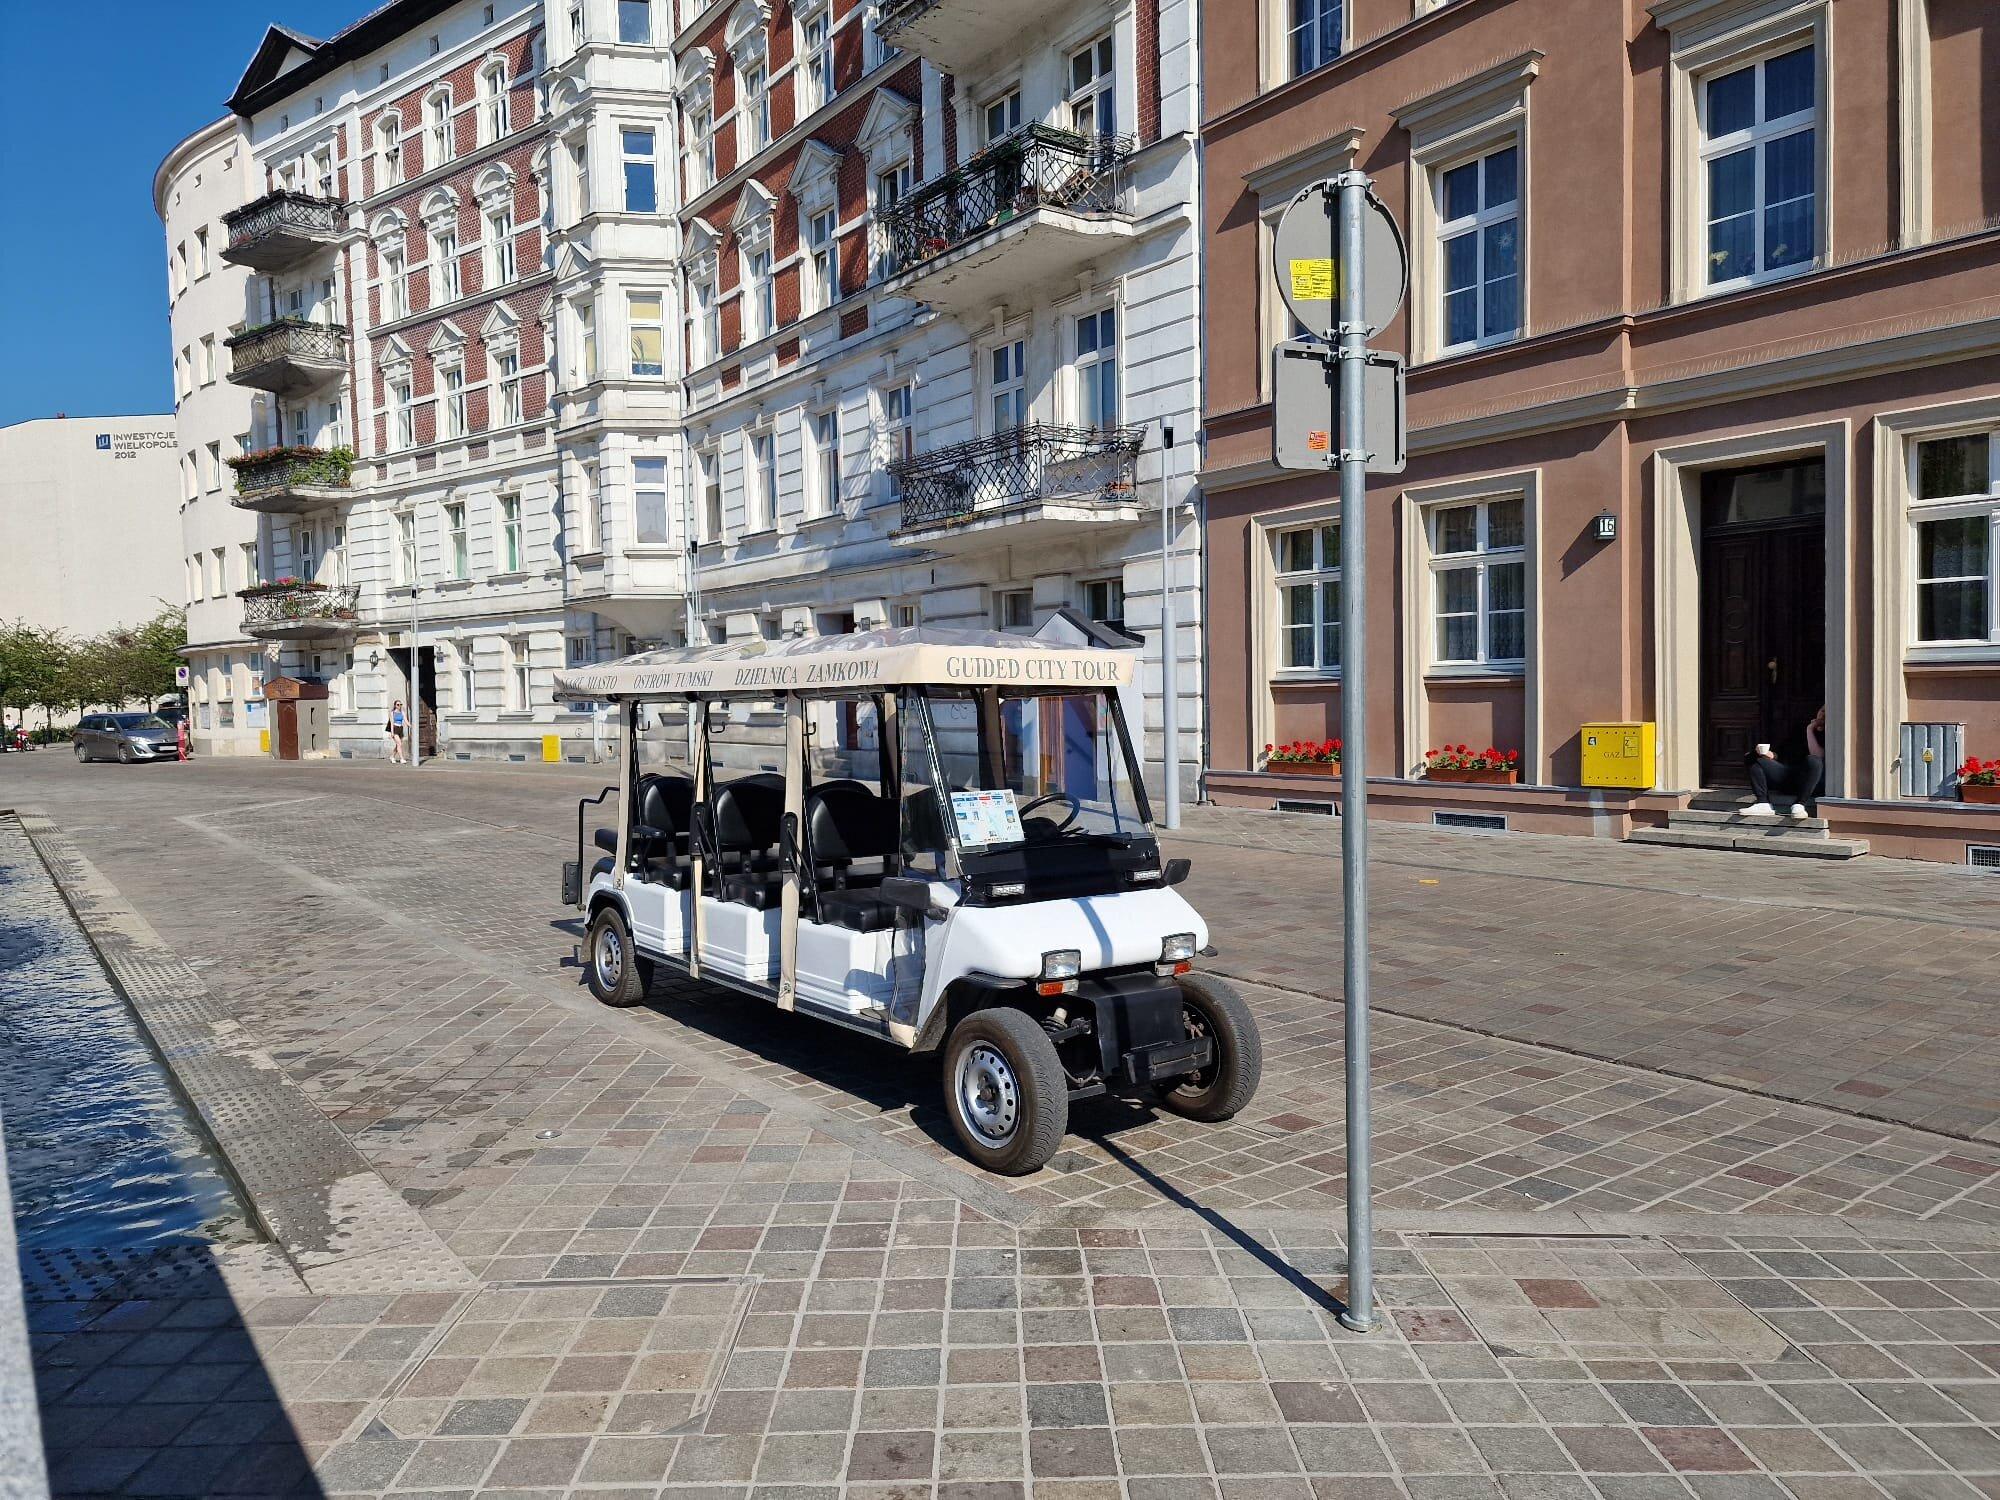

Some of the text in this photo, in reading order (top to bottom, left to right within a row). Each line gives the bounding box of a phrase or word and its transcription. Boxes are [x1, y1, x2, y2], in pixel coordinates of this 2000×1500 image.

[113, 431, 176, 441] INWESTYCJE
[114, 451, 137, 459] 2012
[1600, 519, 1614, 531] 16
[734, 659, 881, 686] DZIELNICA ZAMKOWA
[946, 656, 1121, 681] GUIDED CITY TOUR
[587, 675, 618, 689] MIASTO
[633, 669, 714, 689] OSTRÓW TUMSKI

• Exercise:
Write out every record above exactly, leaving no picture in the result.

• Output below:
Some of the text in this photo, in reading order (top to bottom, left to right within a row). Each line gives the bounding box of a phrase or word and its transcription. Boxes are [x1, y1, x2, y2], in pixel coordinates of this 2000×1500 image.

[113, 431, 176, 441] INWESTYCJE
[114, 451, 137, 459] 2012
[1600, 519, 1614, 531] 16
[734, 659, 881, 686] DZIELNICA ZAMKOWA
[946, 656, 1121, 681] GUIDED CITY TOUR
[587, 675, 618, 689] MIASTO
[633, 669, 714, 689] OSTRÓW TUMSKI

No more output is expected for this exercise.